The records that follow are to be repeated exactly, without any pictures.

** MATERIAL FOR THE TASK follows **

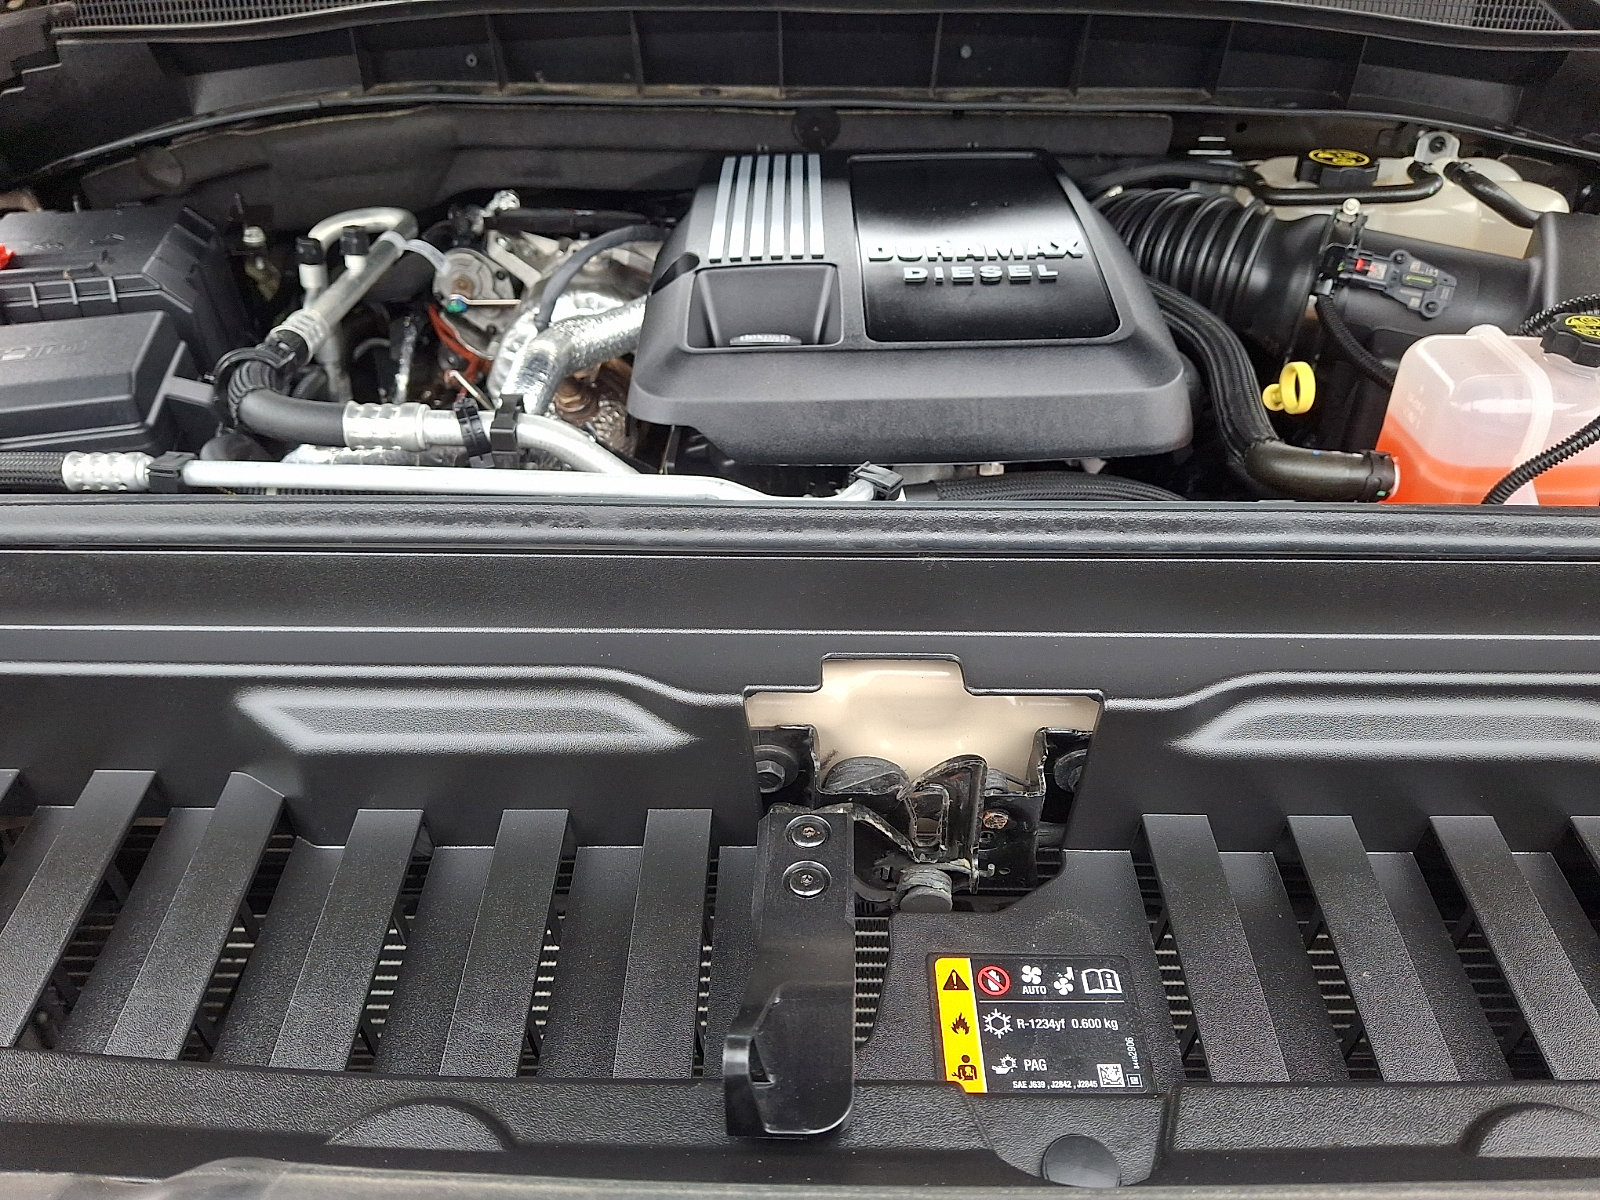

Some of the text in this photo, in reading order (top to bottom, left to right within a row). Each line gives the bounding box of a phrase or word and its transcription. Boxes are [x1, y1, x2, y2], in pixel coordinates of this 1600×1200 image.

[868, 239, 1083, 262] DURAMAX
[903, 265, 1059, 284] DIESEL
[1022, 985, 1047, 995] AUTO
[1017, 1018, 1119, 1031] R-1234yf 0.600 kg
[1023, 1059, 1048, 1071] PAG
[1012, 1080, 1028, 1089] SAE
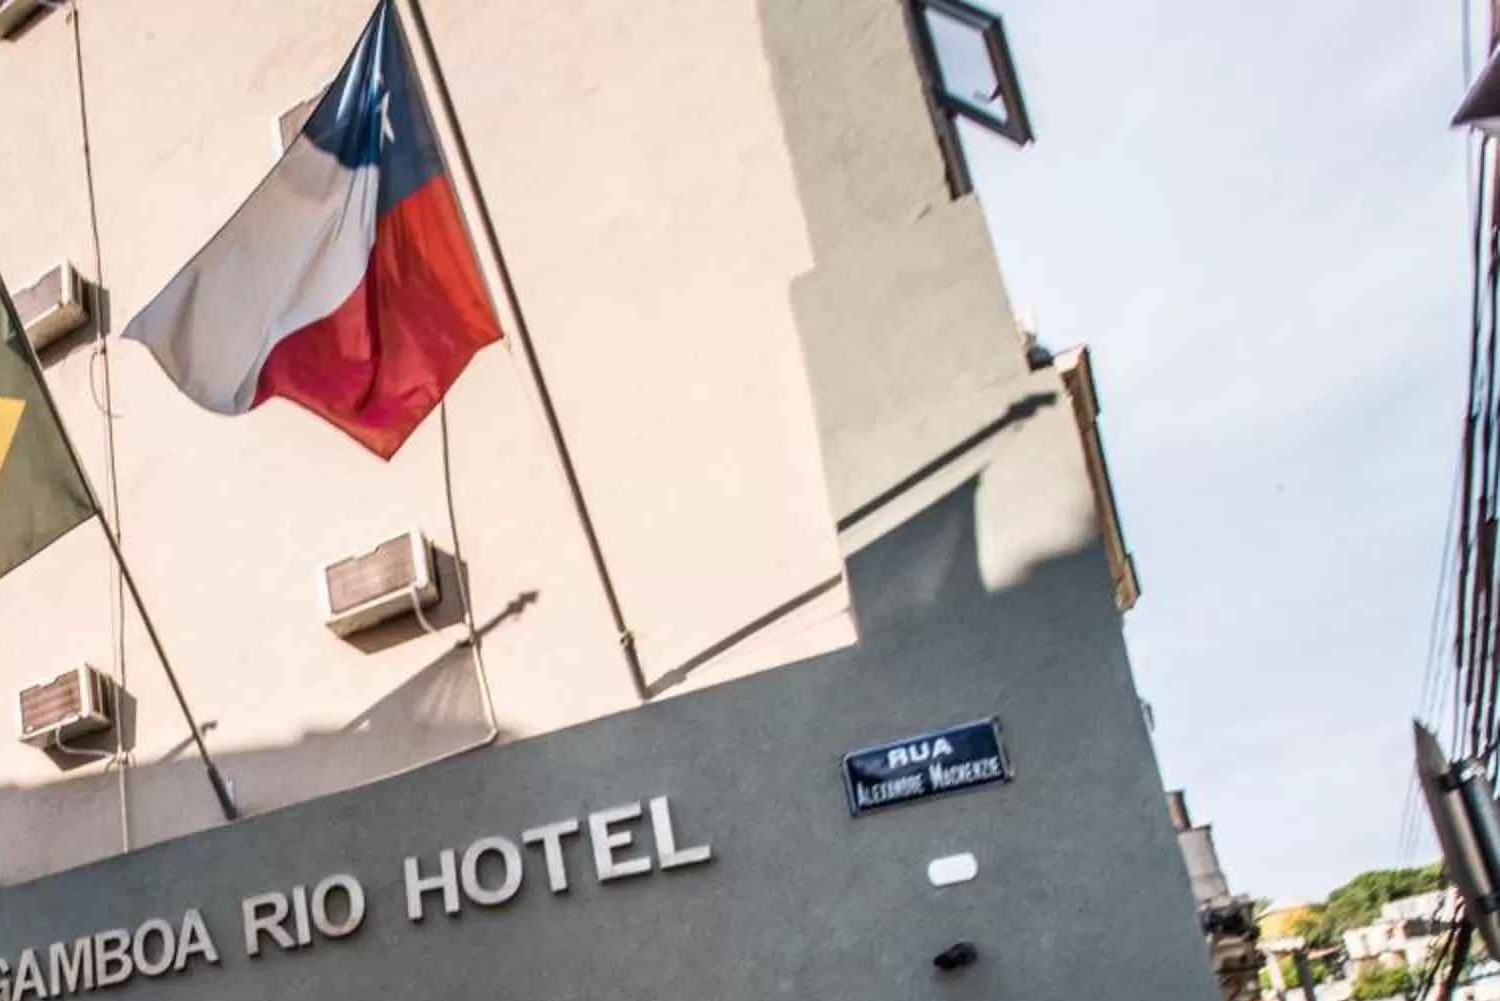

** End of MATERIAL FOR THE TASK **

▸ **ANSWER AREA**
Some of the text in this photo, in reading order (top to bottom, left to right within a row). Each line gives the bounding box of a phrase or word and its transcription. Boxes are [x1, y1, x2, y2], in pixel coordinates of this 1600×1200 image.

[868, 239, 1083, 262] DURAMAX
[903, 265, 1059, 284] DIESEL
[1022, 985, 1047, 995] AUTO
[1017, 1018, 1119, 1031] R-1234yf 0.600 kg
[1023, 1059, 1048, 1071] PAG
[1012, 1080, 1028, 1089] SAE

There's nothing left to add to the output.